WHAT THE TASK REQUIRES
Transcribe each line below verbatim; pictures excluded.

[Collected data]
*** Block opens ***
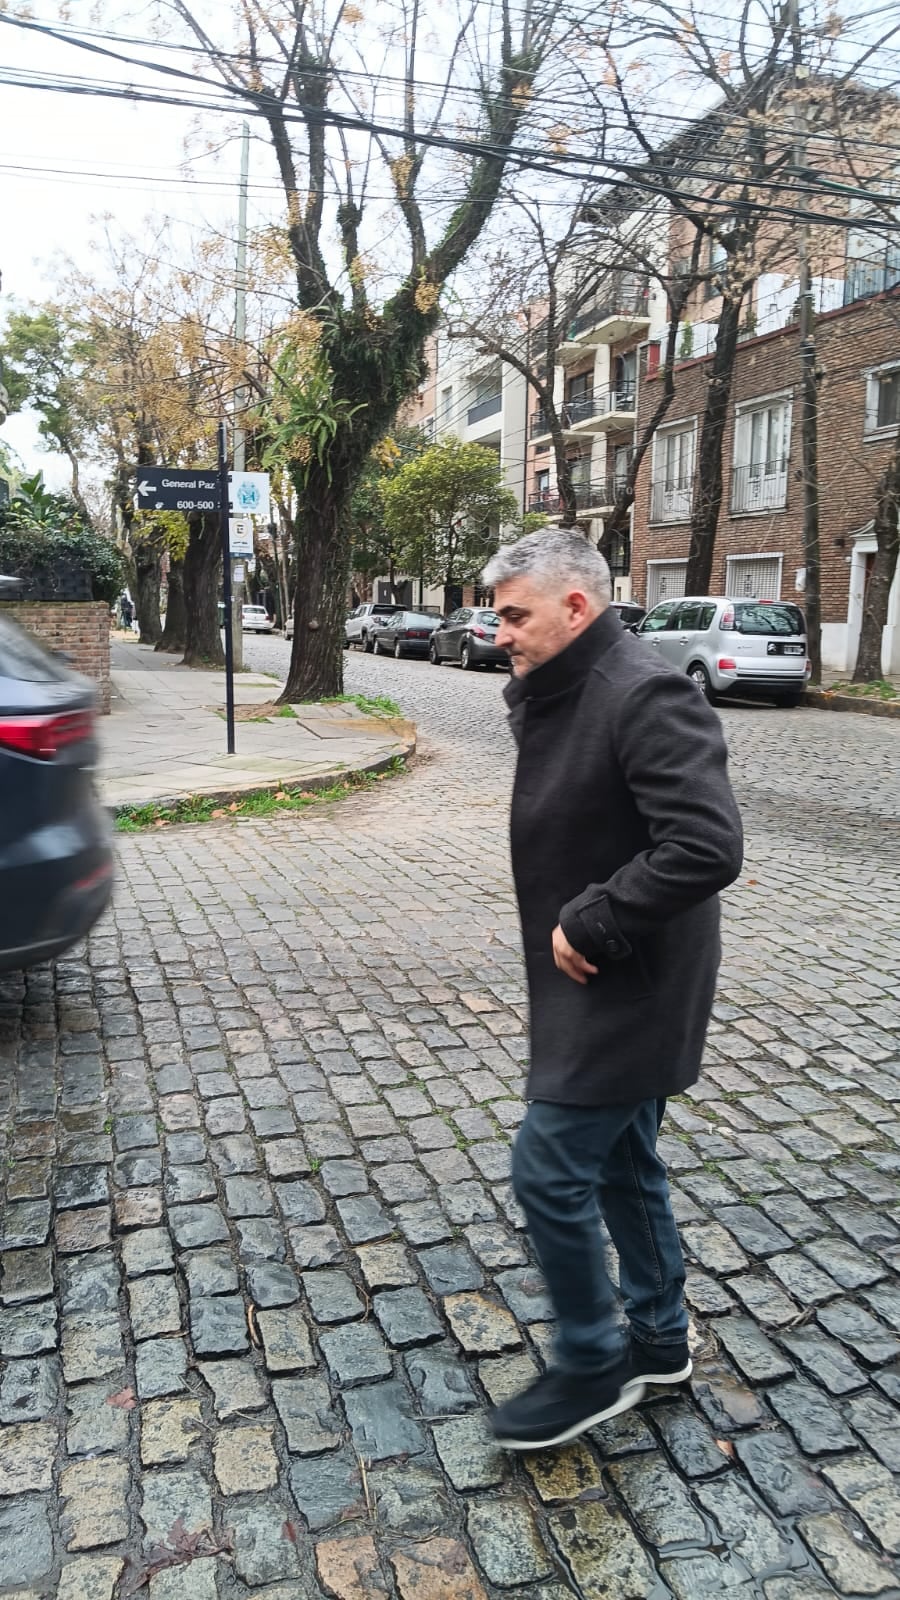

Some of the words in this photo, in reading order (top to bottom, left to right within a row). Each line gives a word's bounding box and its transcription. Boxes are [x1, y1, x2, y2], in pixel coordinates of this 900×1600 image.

[161, 479, 196, 488] General
[198, 480, 215, 489] Paz
[177, 501, 214, 509] 600-500
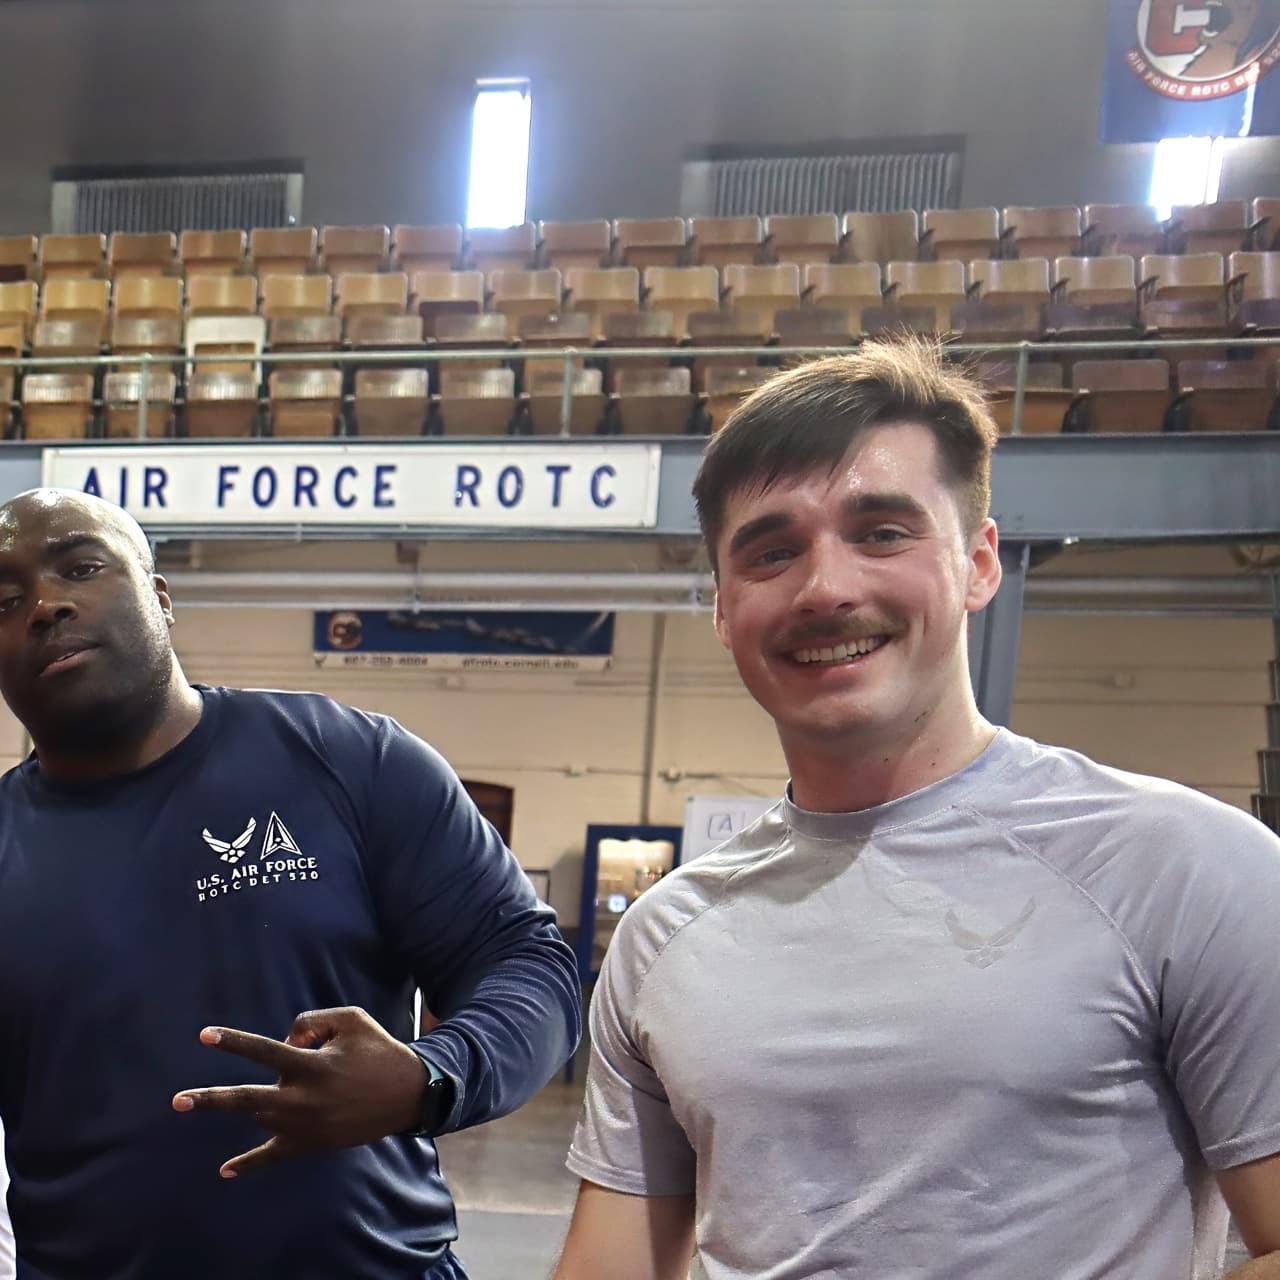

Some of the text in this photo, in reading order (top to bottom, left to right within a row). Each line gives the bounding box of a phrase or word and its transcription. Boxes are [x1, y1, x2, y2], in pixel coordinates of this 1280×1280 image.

[81, 463, 619, 508] AIR FORCE ROTC
[196, 857, 318, 890] U.S. AIR FORCE
[198, 881, 241, 902] ROTC
[249, 874, 281, 887] DET
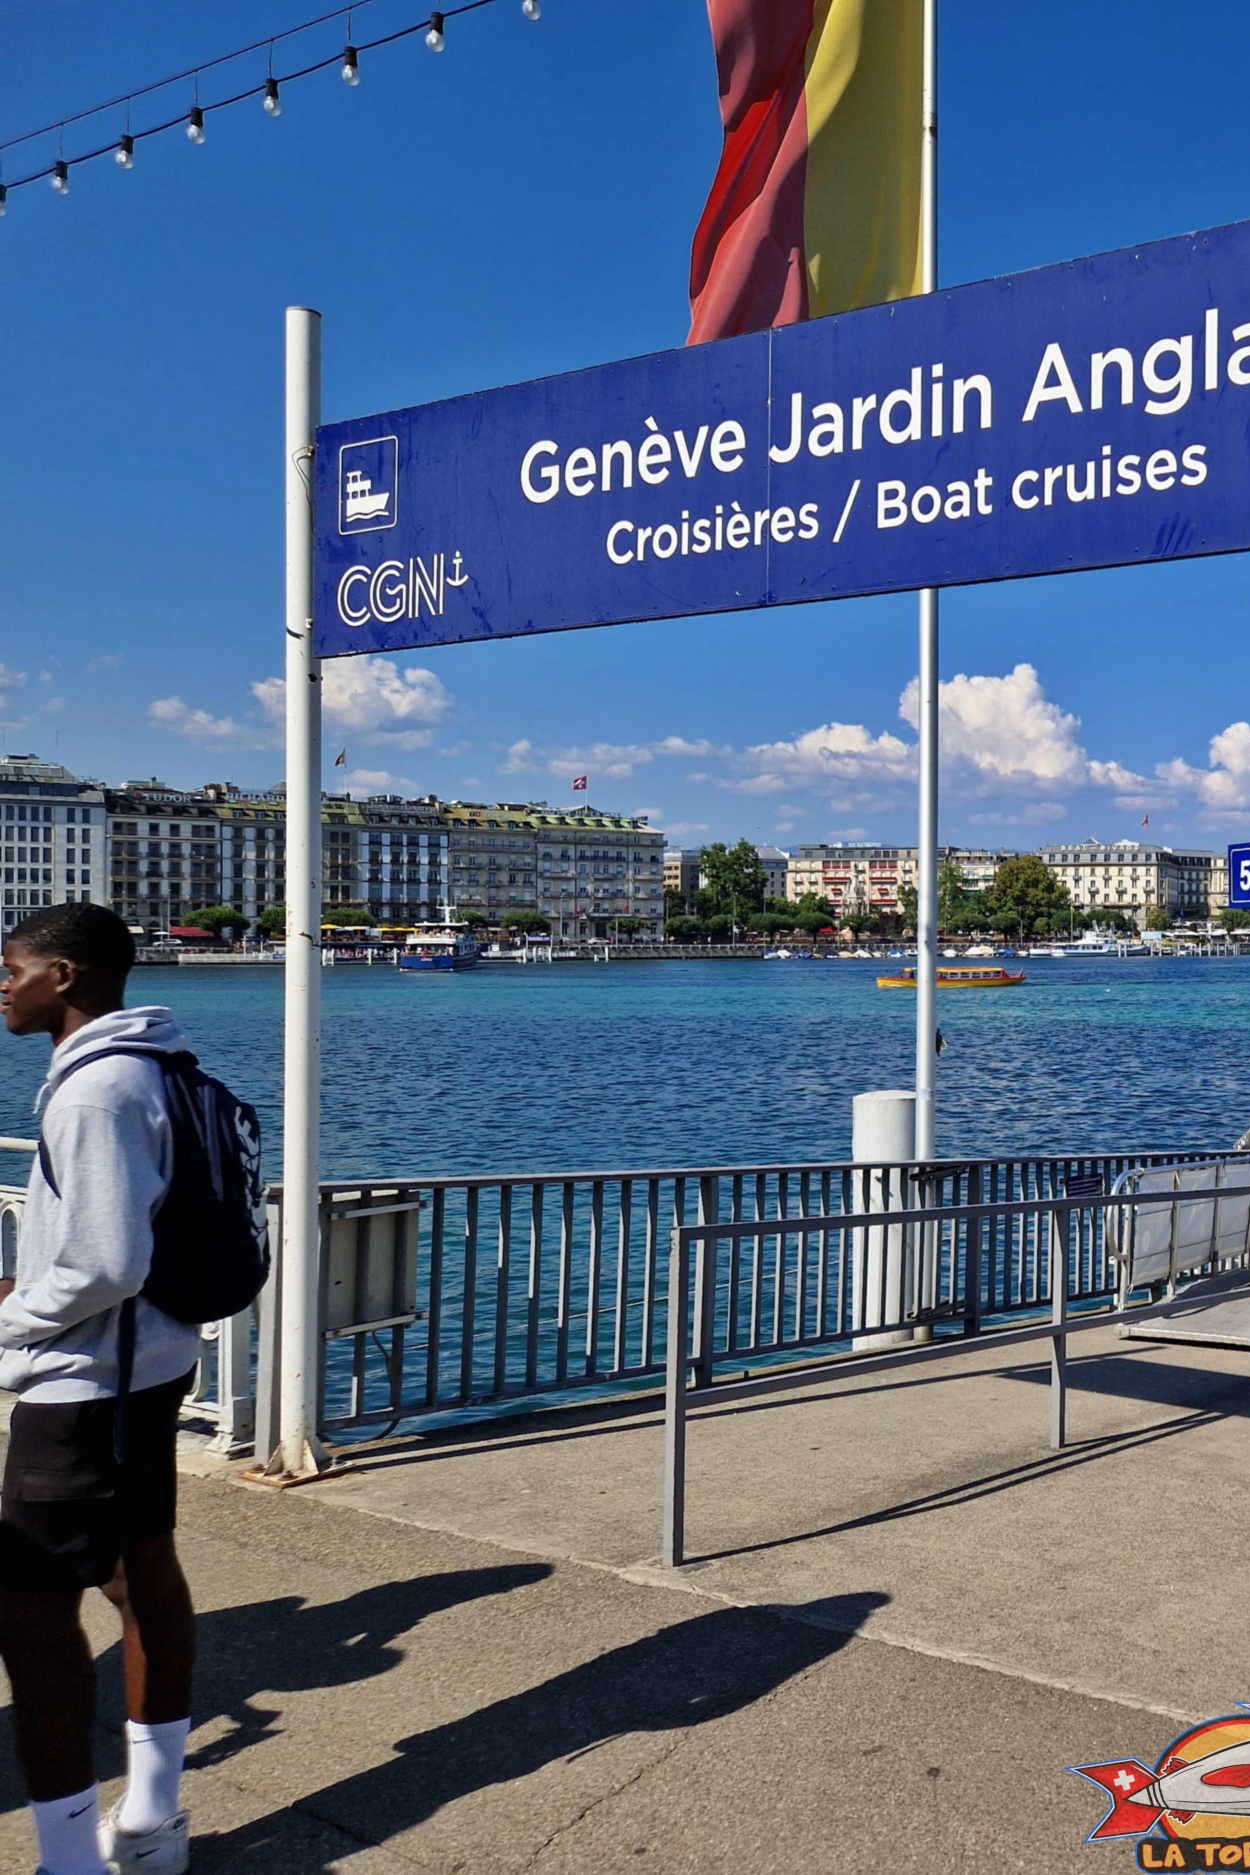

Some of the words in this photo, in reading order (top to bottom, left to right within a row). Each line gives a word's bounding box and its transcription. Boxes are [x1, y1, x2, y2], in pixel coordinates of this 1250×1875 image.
*** Block closes ***
ANSWER SPACE
Some of the words in this photo, in reading order (top to bottom, left to right within a row). Each line gives a word's bounding box and its transcription. Boxes are [x1, y1, x2, y2], in pixel coordinates of this 900×1600 image.

[161, 479, 196, 488] General
[198, 480, 215, 489] Paz
[177, 501, 214, 509] 600-500

Some of the text in this photo, in reading order (top to bottom, left to right within a row). Each line gives the bounding box of a phrase or word and its transcription. Boxes are [x1, y1, x2, y2], in pixel coordinates of this 1280×1280 image.

[81, 463, 619, 508] AIR FORCE ROTC
[196, 857, 318, 890] U.S. AIR FORCE
[198, 881, 241, 902] ROTC
[249, 874, 281, 887] DET

Some of the words in this photo, in reading order (top to bottom, left to right within a row). Each line gives a word's bounding box and its transcription. Boxes are [x1, y1, x2, y2], in pixel coordinates of this 1250×1875 image.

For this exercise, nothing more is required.